チーフプロデューサー談
「オーディションが人間と人間の対話みたいな時間になった」
大好きだった『アンパンマン』を題材にしたドラマ、それも重要な役で出演が決まったとき「本当に嬉しかった」と微笑む。
「僕が『アンパンマン』を好きだったことも知っている親が一番喜んでくれました」
そのうえ国民的番組の“朝ドラ”である。
「たぶん全役者がそうだと思いますが、朝ドラは、役者をやっていたら一度は出演してみたい、夢の舞台のひとつだと思います。祖父母も喜んでくれて、放送を毎日2回は見ていると言ってくれています」
自身も朝ドラを見てから学校に出る日々を過ごしていた。とくに『ゲゲゲの女房』(10年度前期)が印象に残っている。
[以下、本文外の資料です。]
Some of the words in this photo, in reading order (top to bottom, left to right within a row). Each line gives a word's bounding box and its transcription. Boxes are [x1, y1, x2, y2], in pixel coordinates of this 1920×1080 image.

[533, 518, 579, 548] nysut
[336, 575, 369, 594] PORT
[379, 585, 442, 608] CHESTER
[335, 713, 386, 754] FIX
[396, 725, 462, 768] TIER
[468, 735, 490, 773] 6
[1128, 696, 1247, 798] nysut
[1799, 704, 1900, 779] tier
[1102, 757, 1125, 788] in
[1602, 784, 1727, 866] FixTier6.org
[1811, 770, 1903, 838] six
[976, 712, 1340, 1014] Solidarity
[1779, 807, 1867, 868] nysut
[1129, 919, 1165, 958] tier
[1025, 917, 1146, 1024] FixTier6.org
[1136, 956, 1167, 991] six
「朝見て、気持ちよく登校や出勤できるパワーがあるドラマだと、視聴して実感していたので、僕が演じるうえでもそれは意識しました」
オーディションを受けて千尋役を射止めた。
「オーディションを受けたあと、マネージャーさんから電話をもらって、決まったと聞いた時は本当にとても嬉しかったです。ただ、最初は実感があまりわかなくて、日を追うごとに、たとえば衣装合わせをはじめとして、『あんぱん』関連のことに触れるたび、実感が湧いてきました」
千尋は嵩より体格がしっかりしている設定。クランクインの2カ月ほど前からトレーニングして撮影に臨んだ。筋肉を増量して8キロくらい体重を増やした。
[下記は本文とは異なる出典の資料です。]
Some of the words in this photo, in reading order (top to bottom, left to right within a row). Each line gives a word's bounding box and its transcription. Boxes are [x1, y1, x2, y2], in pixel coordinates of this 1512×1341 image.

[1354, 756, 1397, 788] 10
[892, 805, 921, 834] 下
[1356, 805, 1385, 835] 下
オーディションでは、ユニークな課題があった。『アンパンマンのマーチ』の歌詞を、喜怒哀楽の感情を込めながら朗読するというものだ。「どうやればいいのか本当にわからず、何も考えずにその場で感じたようにやりました(笑)」と振り返る中沢に対して、制作統括の倉崎憲チーフプロデューサーはそのとき受けた印象をこのように語った。
「喜び、怒り、悲しみの順に表現してもらったとき、中沢の目の奥から感情がとても伝わってきました。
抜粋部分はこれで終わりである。